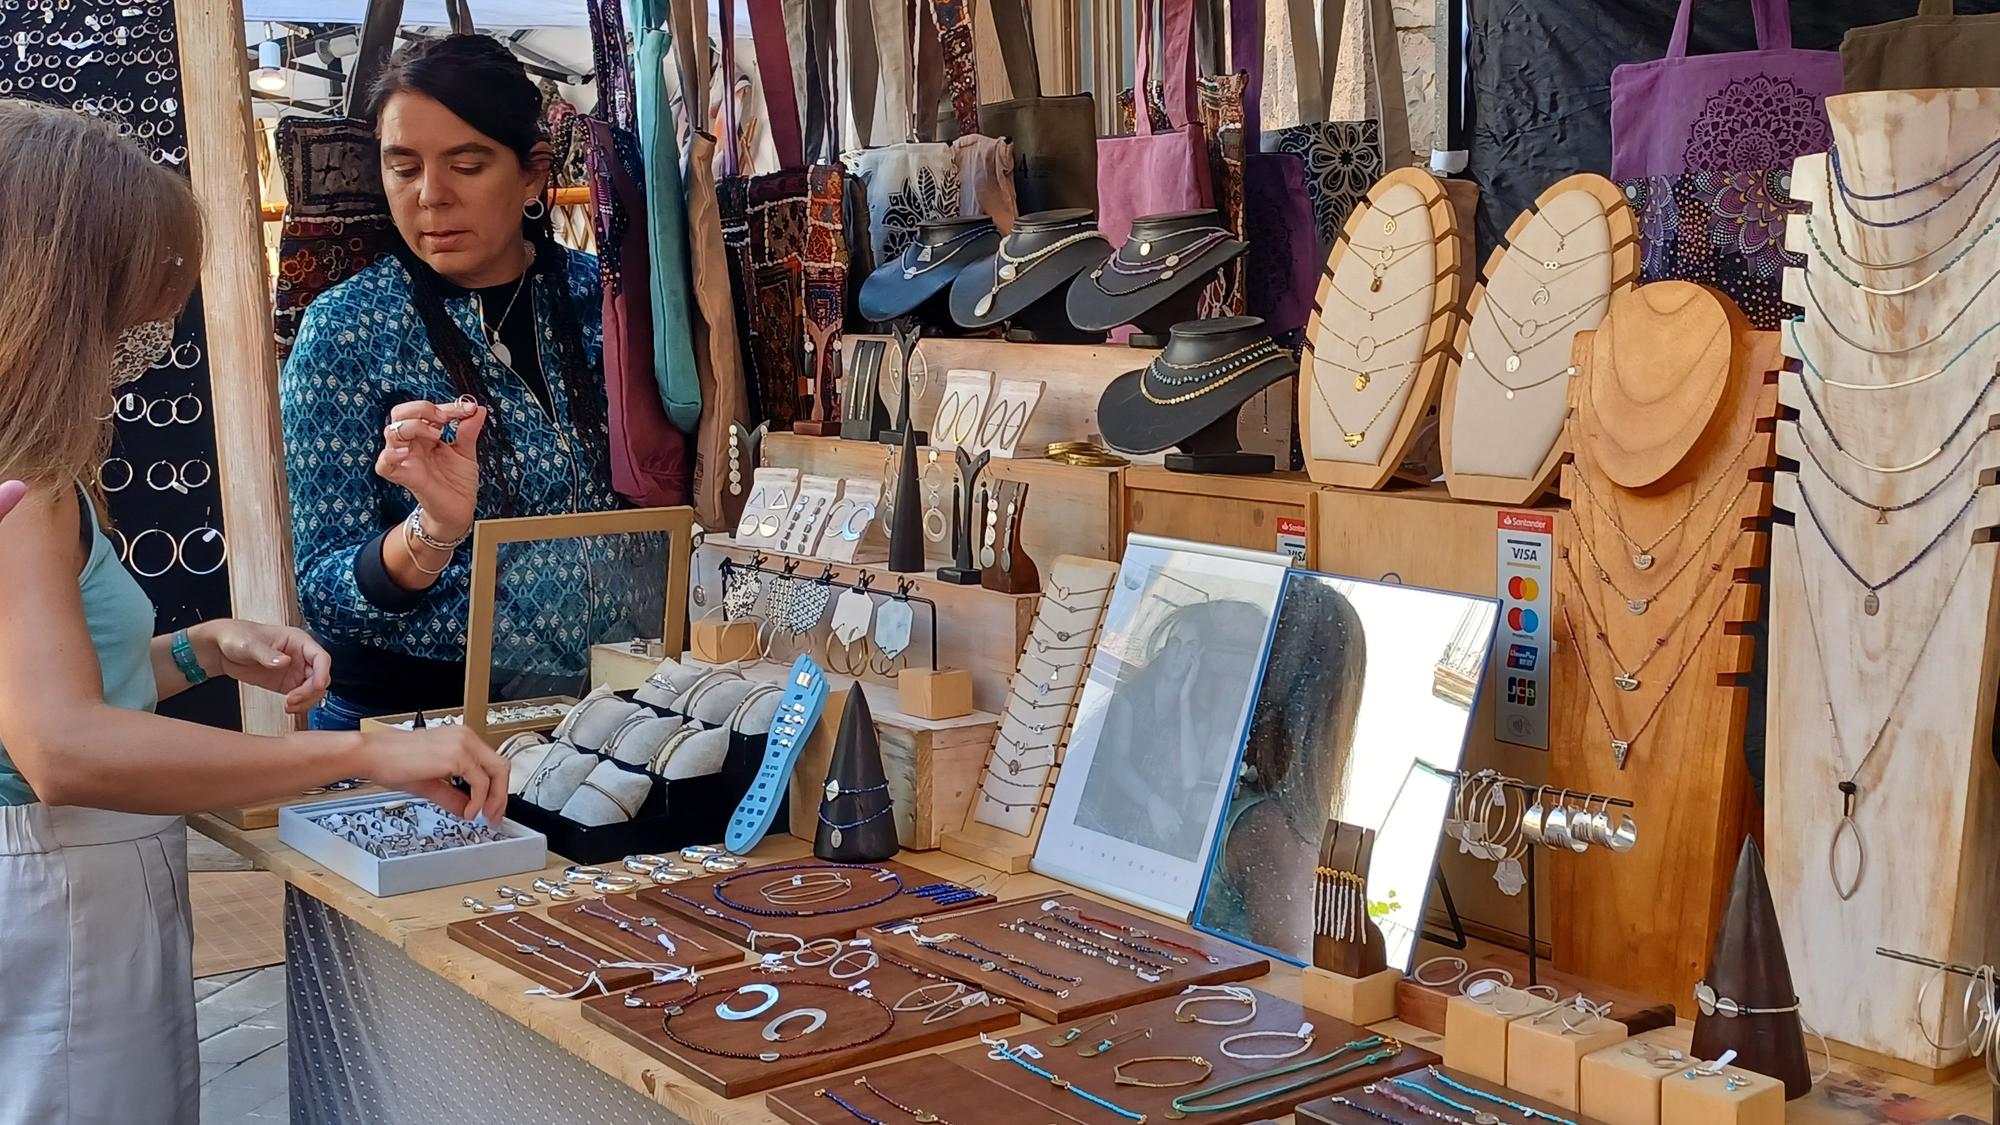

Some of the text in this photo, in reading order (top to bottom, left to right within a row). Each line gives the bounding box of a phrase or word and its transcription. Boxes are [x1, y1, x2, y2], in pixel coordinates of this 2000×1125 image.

[1512, 517, 1546, 529] Santander
[1512, 547, 1538, 561] VISA
[1508, 685, 1535, 698] JCB
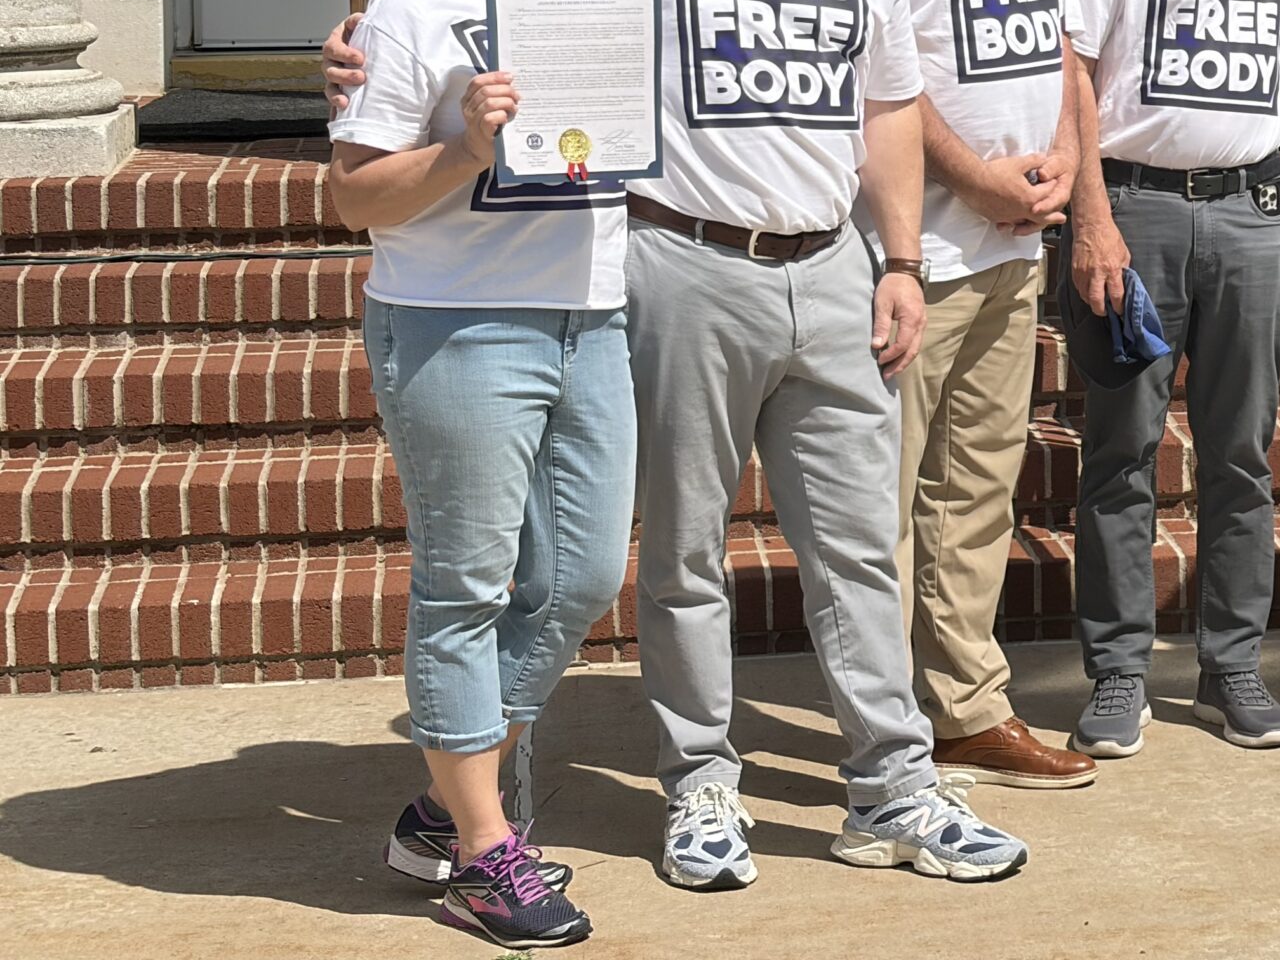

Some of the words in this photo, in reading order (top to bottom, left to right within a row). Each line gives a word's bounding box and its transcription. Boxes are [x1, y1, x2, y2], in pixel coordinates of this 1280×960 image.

[699, 0, 853, 53] FREE
[703, 60, 849, 107] BODY
[1159, 49, 1276, 93] BODY

⁂

→ **ASSIGNMENT**
Lines from the one containing "Some of the words" through the last line of the records, restated word for word: that is the whole response.

→ **OUTPUT OF THE EXERCISE**
Some of the words in this photo, in reading order (top to bottom, left to right within a row). Each line gives a word's bounding box and its transcription. Boxes are [x1, y1, x2, y2], in pixel coordinates of this 1280×960 image.

[699, 0, 853, 53] FREE
[703, 60, 849, 107] BODY
[1159, 49, 1276, 93] BODY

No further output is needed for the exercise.